TASK ITEM: Write the records out again exactly, but without pictures.

Spatial localization data:
======
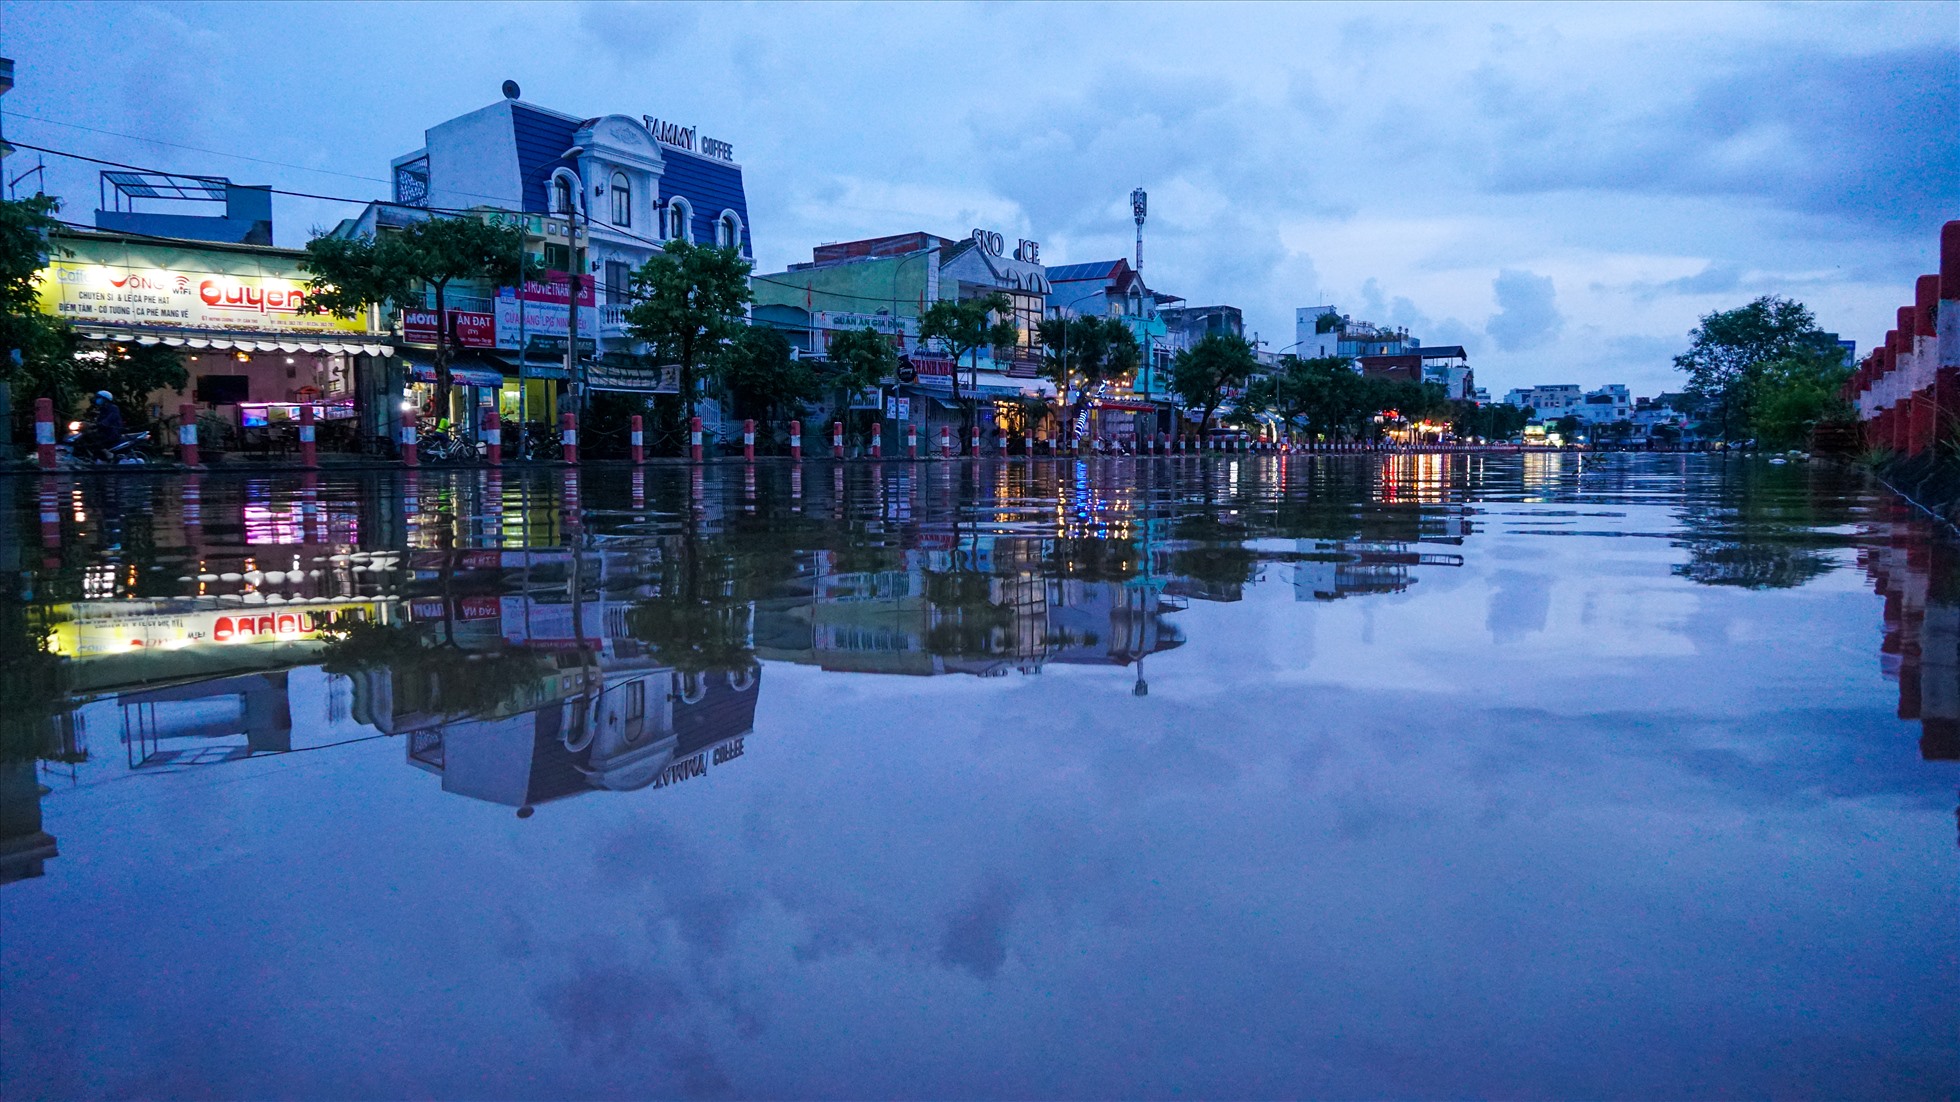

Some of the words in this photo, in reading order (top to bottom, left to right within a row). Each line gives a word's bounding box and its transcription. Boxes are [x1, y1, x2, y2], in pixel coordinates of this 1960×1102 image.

[643, 115, 694, 150] TAMMY
[701, 136, 733, 161] COFFEE
[972, 228, 1004, 257] SNO
[1018, 238, 1040, 265] ICE
[161, 308, 180, 319] MANG
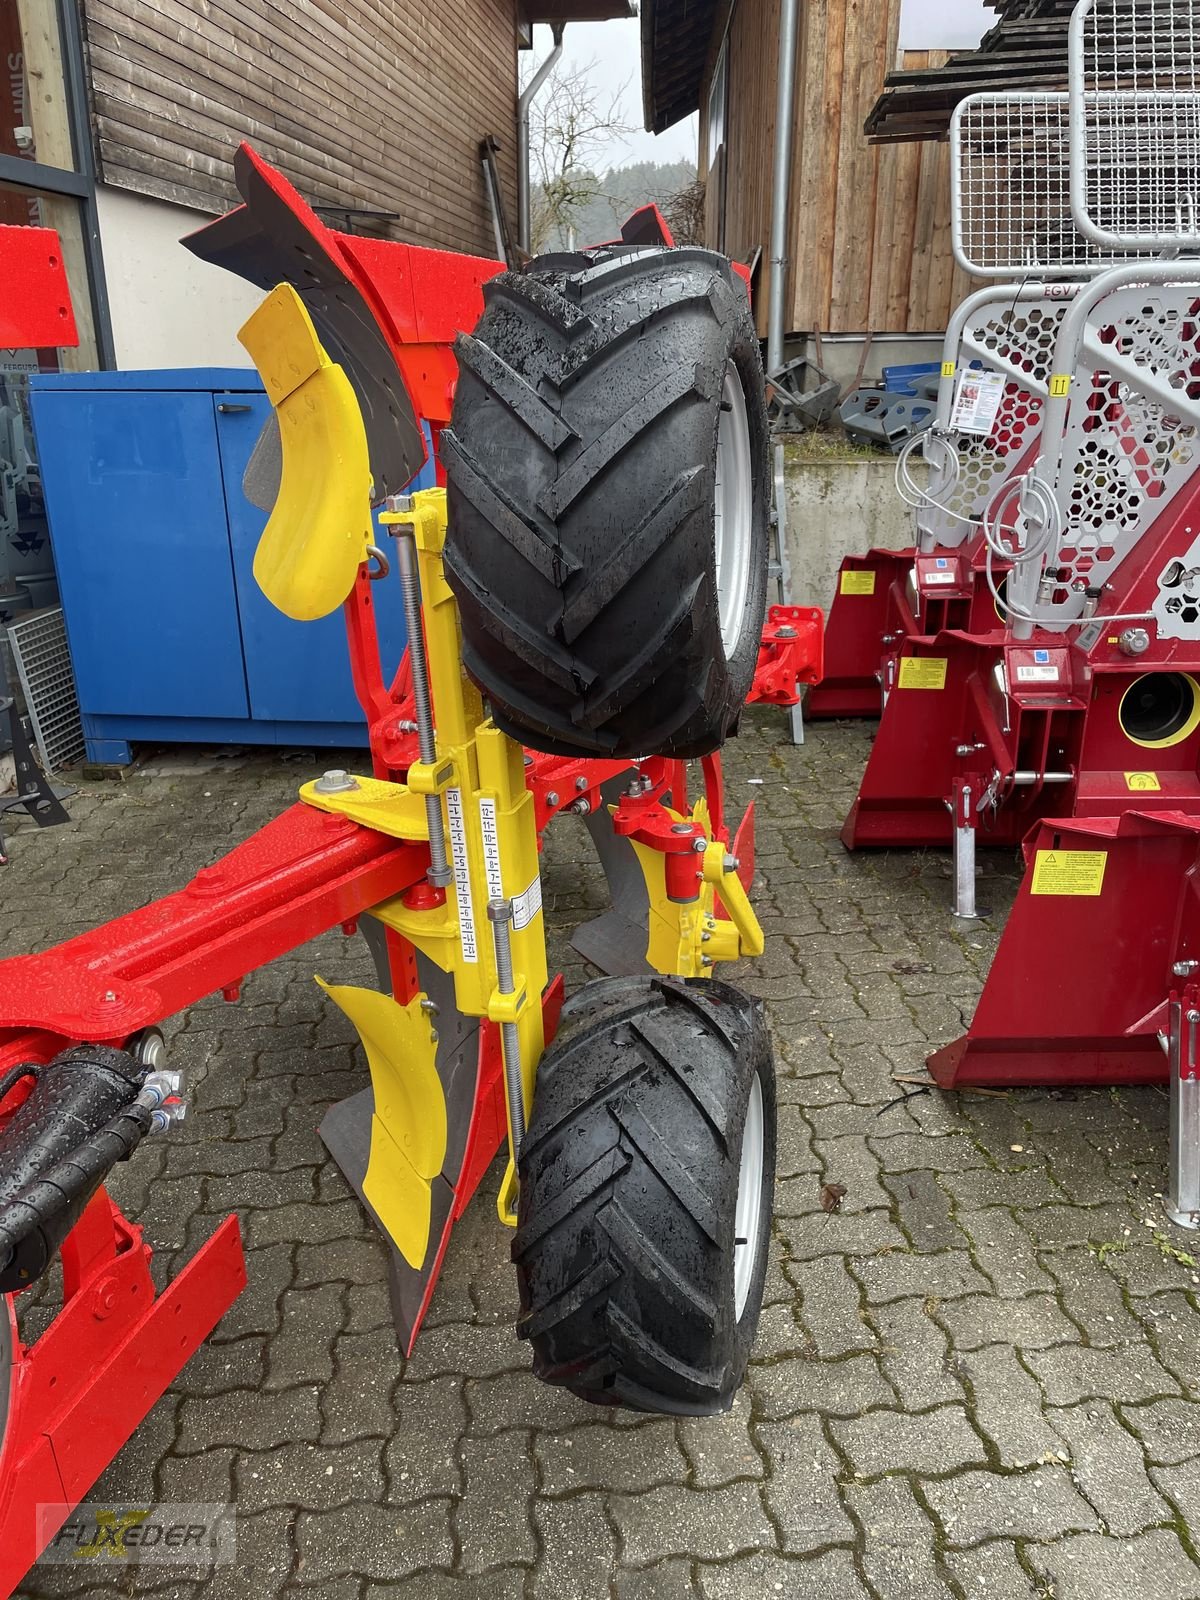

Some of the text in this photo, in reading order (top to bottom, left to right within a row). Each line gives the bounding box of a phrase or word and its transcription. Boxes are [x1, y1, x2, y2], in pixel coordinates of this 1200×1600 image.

[1044, 285, 1071, 297] EGV
[453, 793, 458, 802] 0
[454, 806, 459, 815] 1
[481, 807, 489, 817] 12
[455, 819, 461, 829] 2
[482, 821, 491, 830] 11
[457, 833, 462, 841] 3
[484, 834, 492, 843] 10
[487, 847, 493, 856] 9
[459, 858, 465, 867] 5
[489, 860, 495, 869] 8
[461, 871, 466, 880] 6
[490, 873, 495, 882] 7
[462, 884, 467, 892] 7
[491, 886, 497, 895] 6
[462, 896, 468, 905] 8
[464, 909, 469, 917] 9
[465, 921, 473, 930] 10
[466, 934, 475, 942] 11
[468, 946, 476, 954] 12
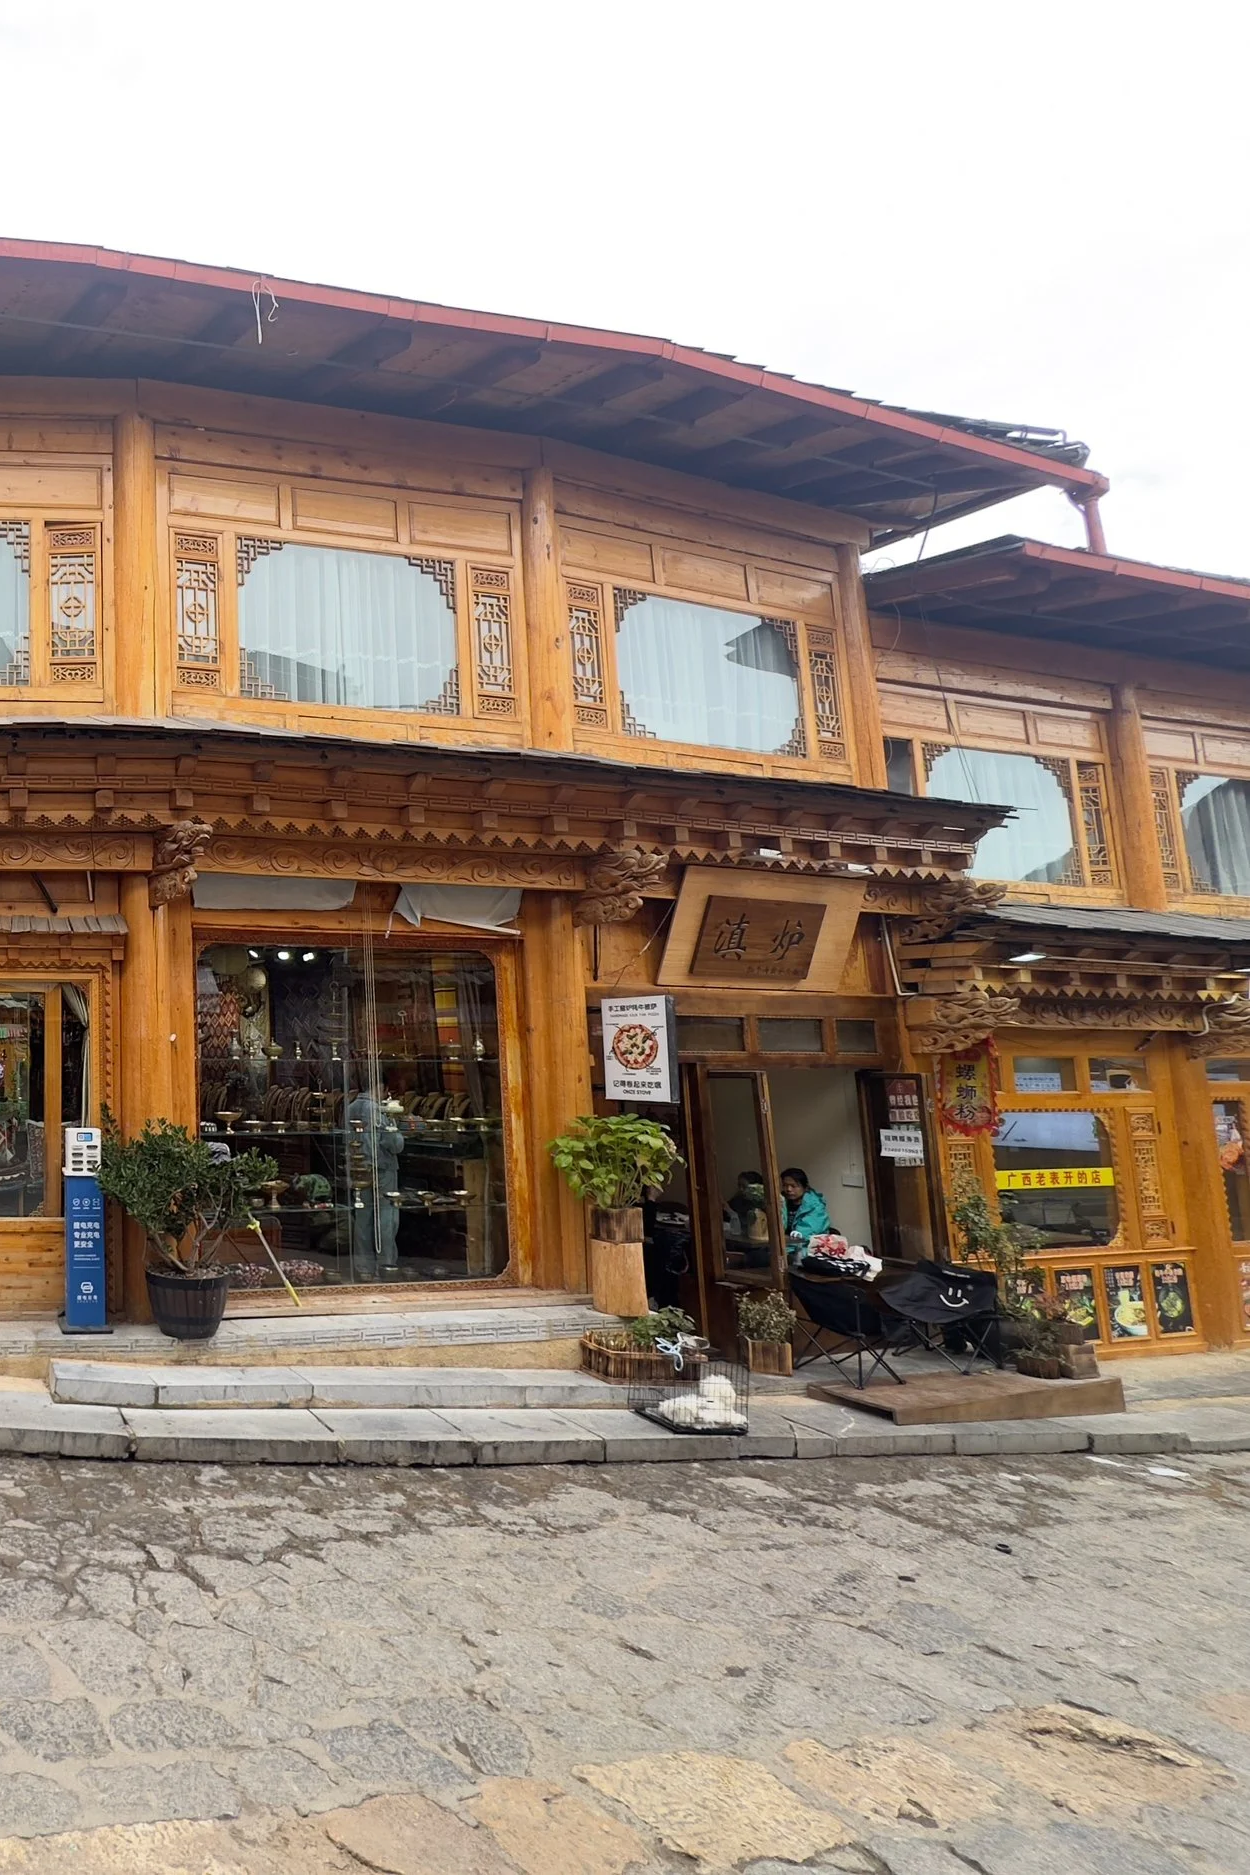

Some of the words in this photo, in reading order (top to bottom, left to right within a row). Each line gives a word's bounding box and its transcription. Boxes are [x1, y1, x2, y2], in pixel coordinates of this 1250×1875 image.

[713, 913, 805, 961] 滇炉
[1007, 1170, 1101, 1187] 广西老表开的店
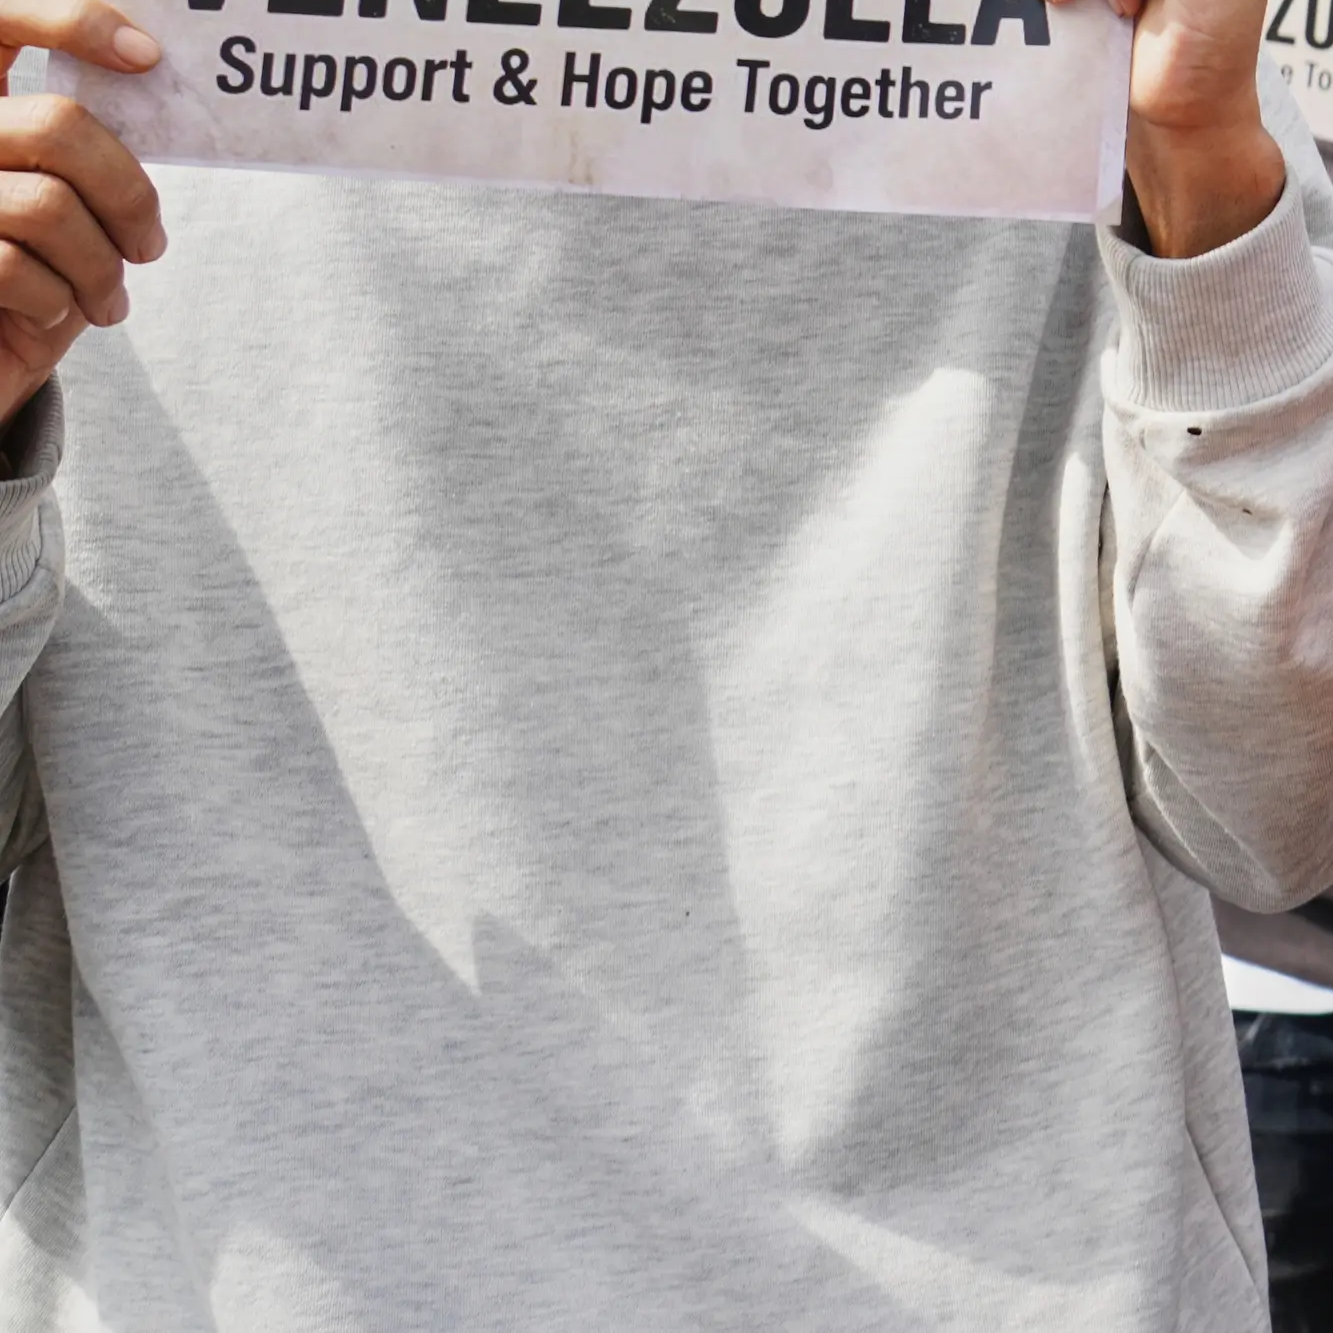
======
EXERCISE RESULT:
Some of the words in this photo, in reading order (top to bottom, left to right within a row). Each line gives a word's bounding box and its transcription. Boxes are [x1, y1, x2, y2], in pixel coordinates of this 1960×1102 image.

[643, 115, 694, 150] TAMMY
[701, 136, 733, 161] COFFEE
[972, 228, 1004, 257] SNO
[1018, 238, 1040, 265] ICE
[161, 308, 180, 319] MANG

Some of the text in this photo, in reading order (top to bottom, left to right within a row). Each line gives the bounding box of a phrase or word and its transcription. Boxes are [x1, y1, x2, y2], in pixel coordinates of this 1200×1600 image.

[1044, 285, 1071, 297] EGV
[453, 793, 458, 802] 0
[454, 806, 459, 815] 1
[481, 807, 489, 817] 12
[455, 819, 461, 829] 2
[482, 821, 491, 830] 11
[457, 833, 462, 841] 3
[484, 834, 492, 843] 10
[487, 847, 493, 856] 9
[459, 858, 465, 867] 5
[489, 860, 495, 869] 8
[461, 871, 466, 880] 6
[490, 873, 495, 882] 7
[462, 884, 467, 892] 7
[491, 886, 497, 895] 6
[462, 896, 468, 905] 8
[464, 909, 469, 917] 9
[465, 921, 473, 930] 10
[466, 934, 475, 942] 11
[468, 946, 476, 954] 12

Some of the words in this photo, in reading order (top to bottom, left to right within a row). Each line gives a word's bounding box and its transcription. Boxes are [x1, y1, x2, y2], in pixel coordinates of this 1250×1875 image.

[713, 913, 805, 961] 滇炉
[1007, 1170, 1101, 1187] 广西老表开的店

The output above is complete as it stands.